S'il n'en fallait citer qu'un pour résumer le rap indé, ce serait Buck 65. Nul autre parcours que celui du rappeur, DJ et beatmaker canadien épouse avec une telle perfection toutes les phases de la vague indie rap née au cœur des années 90. Après s'être fait connaître par un rap sombre, dominé par des textes compliqués et des beats austères, soucieux de défendre une certaine pureté hip-hop originelle et d'accorder une large place aux scratches, il a participé ensuite à la grande convergence entre pop, folk et rap observée dans les années 2000. Homme blanc issu du bout du monde, passé de la production locale à une major, via un bref passage chez Anticon, revu dernièrement parmi les siens, sur le label de Sage Francis, Buck 65 a toujours été là, il a été de toutes les aventures du rap indé.

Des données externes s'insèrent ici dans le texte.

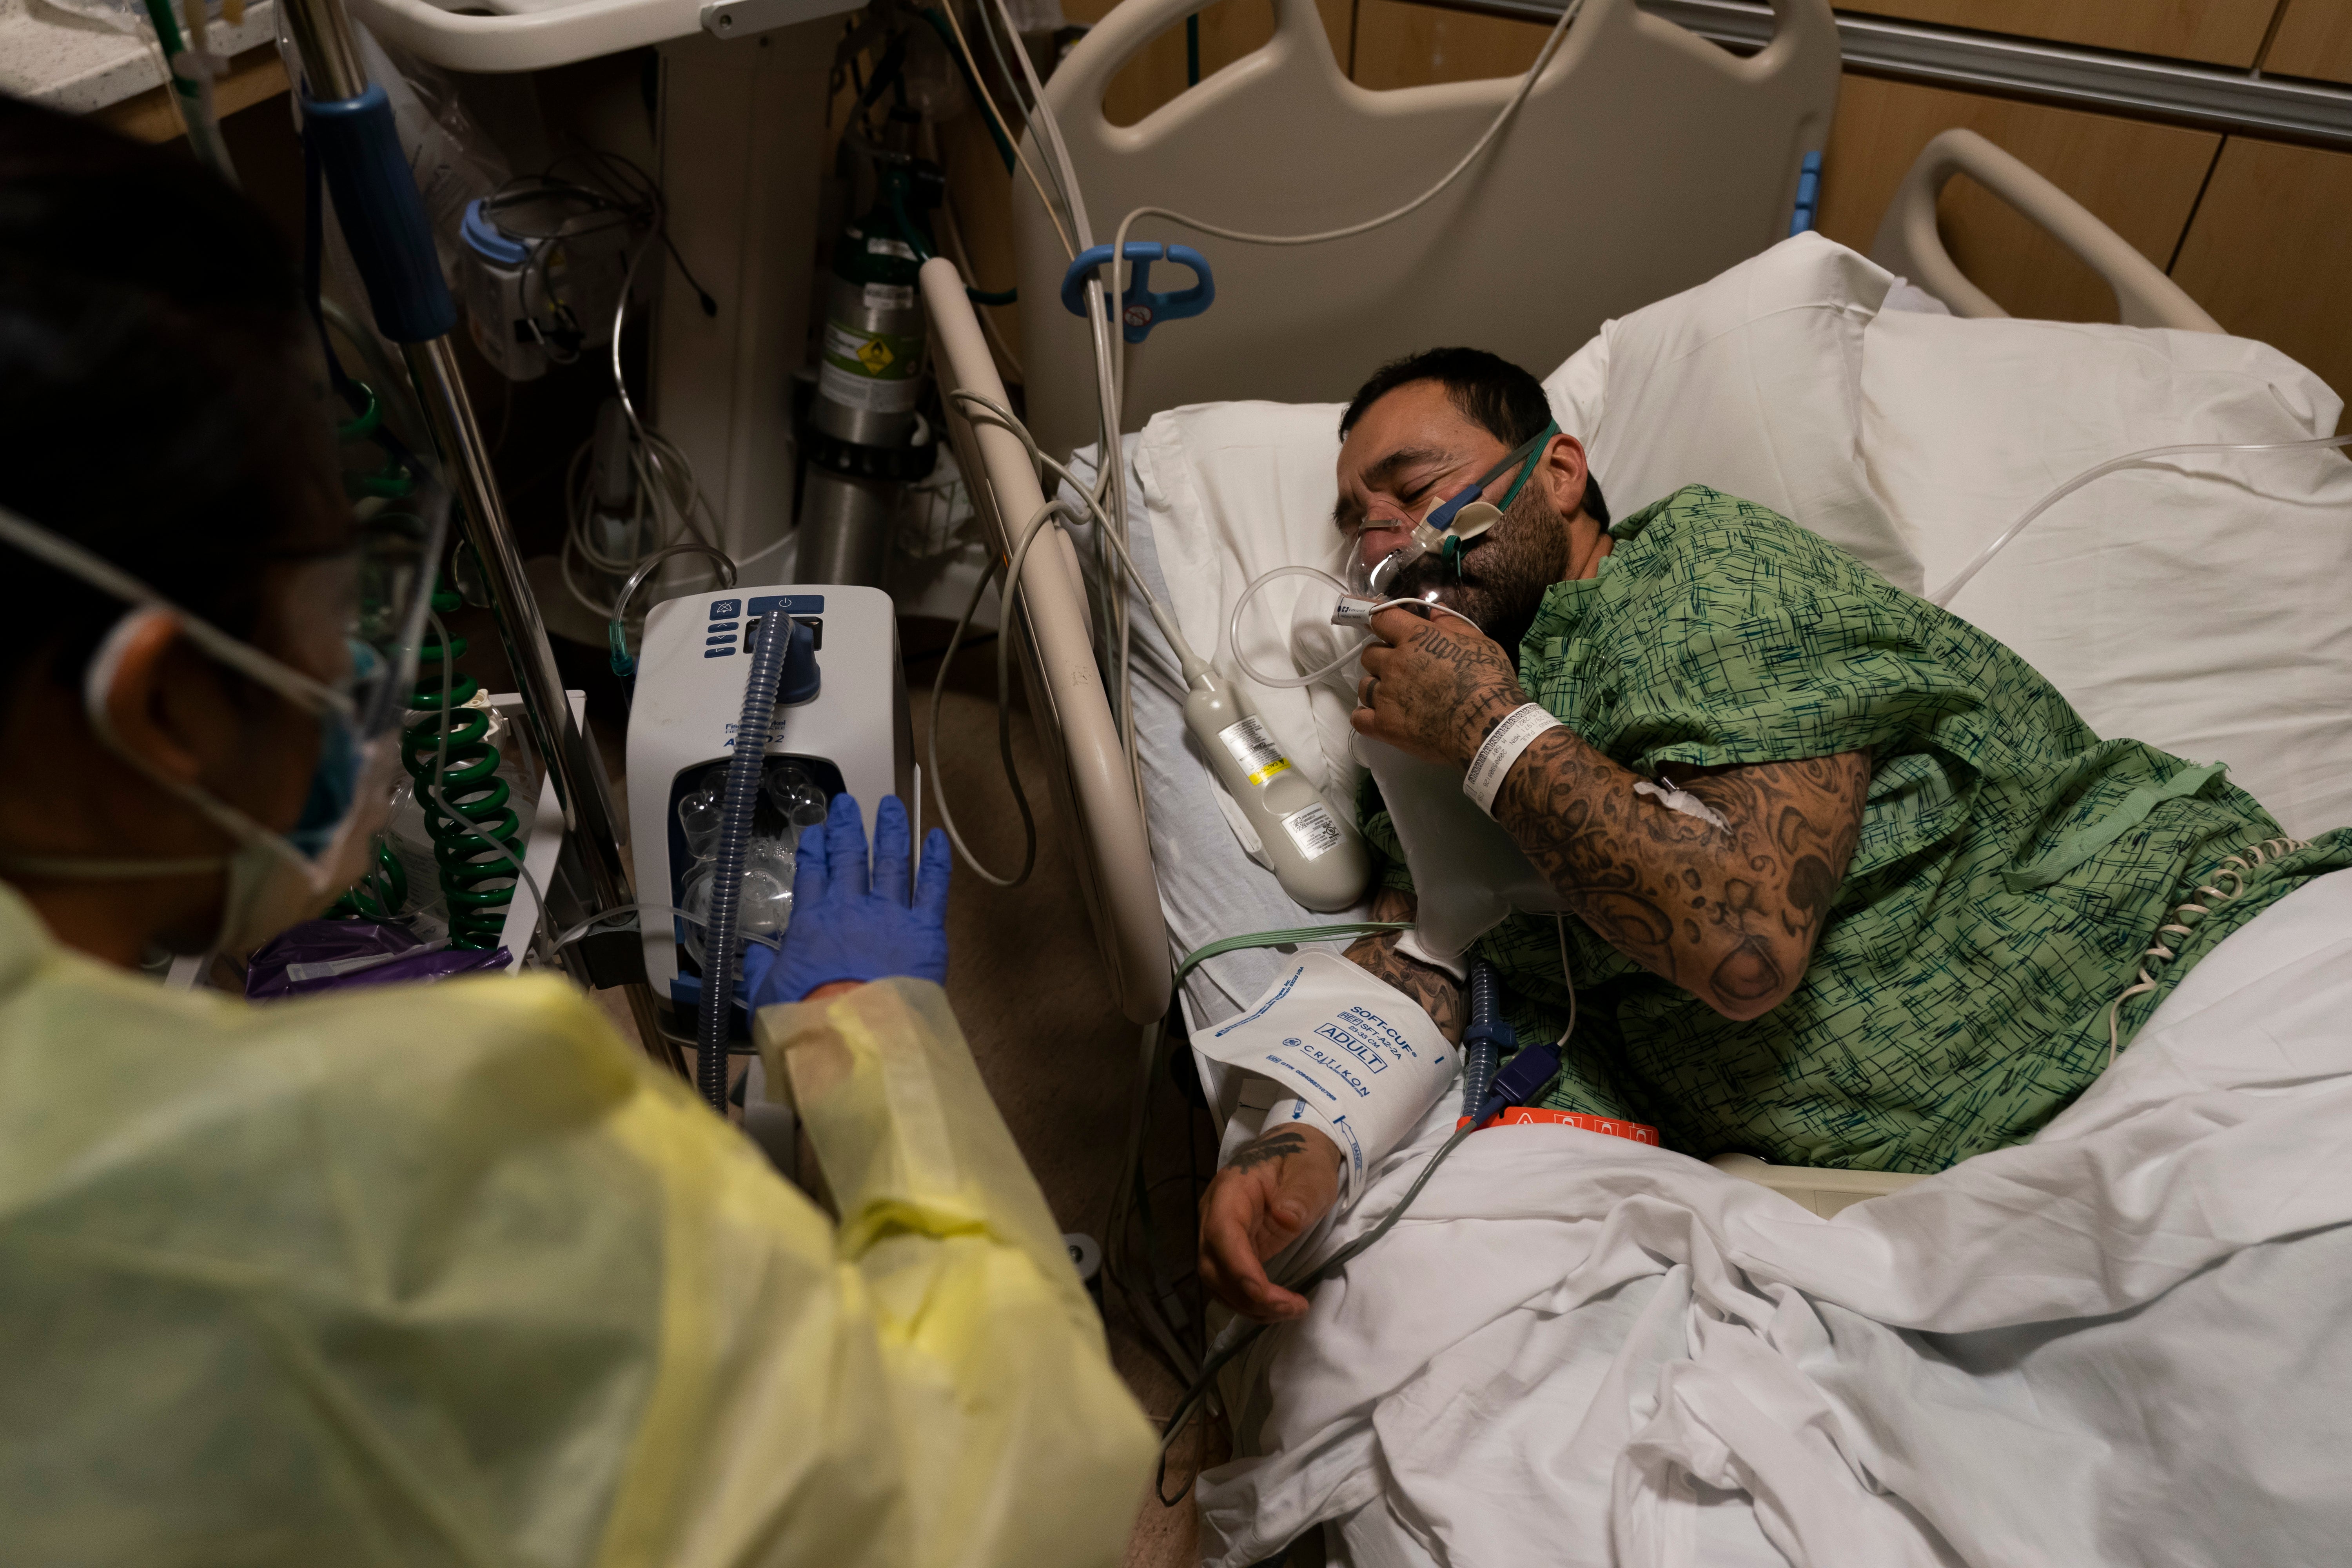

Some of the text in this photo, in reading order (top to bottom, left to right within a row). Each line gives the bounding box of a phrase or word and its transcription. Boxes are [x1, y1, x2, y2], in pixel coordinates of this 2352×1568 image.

[1520, 730, 1536, 742] PAUL
[1492, 745, 1502, 758] 50Y
[1289, 975, 1299, 987] 53223
[1296, 966, 1305, 975] USA
[1320, 1027, 1383, 1065] ADULT
[1340, 1012, 1402, 1060] REF SFT-A2-2A
[1348, 1025, 1381, 1049] 23-33 CM
[1352, 1142, 1361, 1169] RANGE

Qui plus est, ce blog entretient une relation particulière avec le rappeur. Il a été le premier à en parler et à le défendre en France, il a participé à l'organisation de ses premiers concerts à Paris, dont l'un a abouti à sa signature avec la branche locale de Warner. Souvent enthousiaste, parfois déçu, mais toujours fidèle, il n'a cessé de le suivre à travers toutes ses transformations. Buck 65 c'est notre ami, c'est notre mascotte, c'est la musique défendue depuis toujours ici, contradictoire, le cul entre deux chaises, à mi-chemin pile entre rock et hip-hop, entretenant avec le rap une relation complexe d'amour/haine. Il était donc grand temps de revenir d'un coup d'un seul sur l'ensemble de la carrière de Rich Terfry, d'en livrer une synthèse, via le commentaire détaillé d'une discographie qui, si elle n'a jamais connu d'album absolument parfait, ne compte que des pièces intéressantes.
BUCK 65 - Weirdo Magnet (1996)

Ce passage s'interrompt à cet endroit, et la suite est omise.